Collection entries:

■ ■ ■ ■ ■

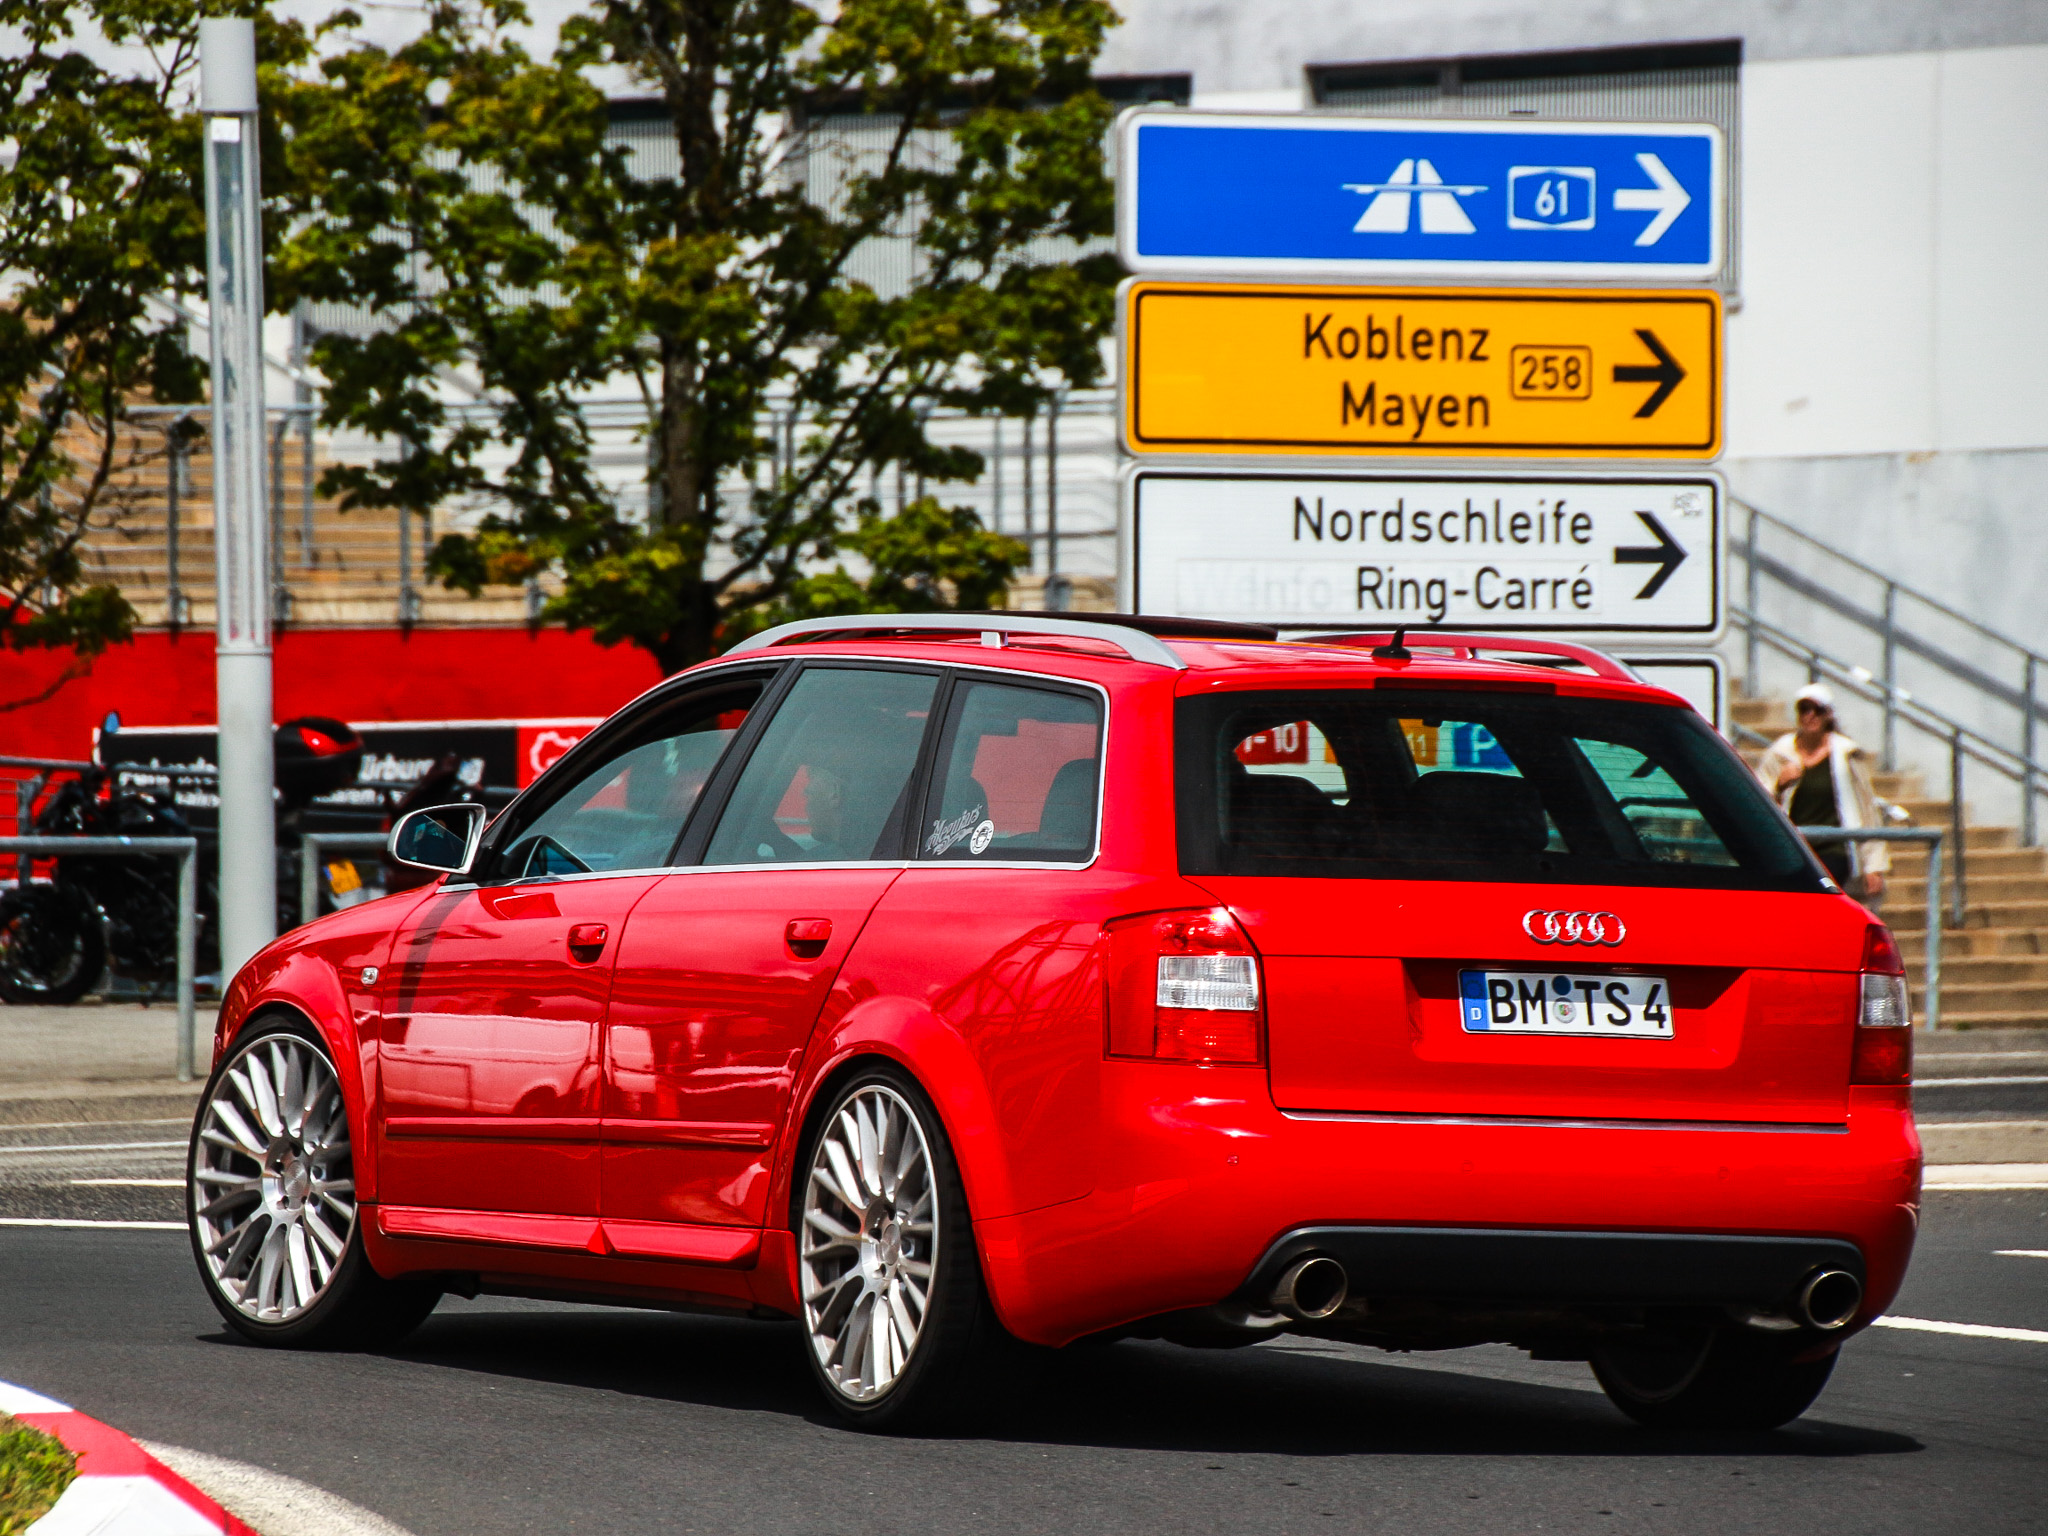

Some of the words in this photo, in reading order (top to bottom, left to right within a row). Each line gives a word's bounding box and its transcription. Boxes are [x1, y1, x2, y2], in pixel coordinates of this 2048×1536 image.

[1534, 179, 1569, 218] 61
[1302, 312, 1491, 362] Koblenz
[1519, 354, 1583, 392] 258
[1340, 381, 1491, 440] Mayen
[1293, 496, 1594, 545] Nordschleife
[1355, 563, 1594, 623] Ring-Carré
[1471, 724, 1498, 764] P
[1471, 1006, 1483, 1021] D
[1487, 978, 1548, 1025] BM
[1573, 979, 1632, 1027] TS
[1643, 983, 1668, 1030] 4

■ ■ ■ ■ ■

(Work order): Output all of the entries verbatim, leaving out any images.

(Answer to this problem):
Some of the words in this photo, in reading order (top to bottom, left to right within a row). Each line gives a word's bounding box and its transcription. Boxes are [x1, y1, x2, y2], in pixel coordinates of this 2048×1536 image.

[1534, 179, 1569, 218] 61
[1302, 312, 1491, 362] Koblenz
[1519, 354, 1583, 392] 258
[1340, 381, 1491, 440] Mayen
[1293, 496, 1594, 545] Nordschleife
[1355, 563, 1594, 623] Ring-Carré
[1471, 724, 1498, 764] P
[1471, 1006, 1483, 1021] D
[1487, 978, 1548, 1025] BM
[1573, 979, 1632, 1027] TS
[1643, 983, 1668, 1030] 4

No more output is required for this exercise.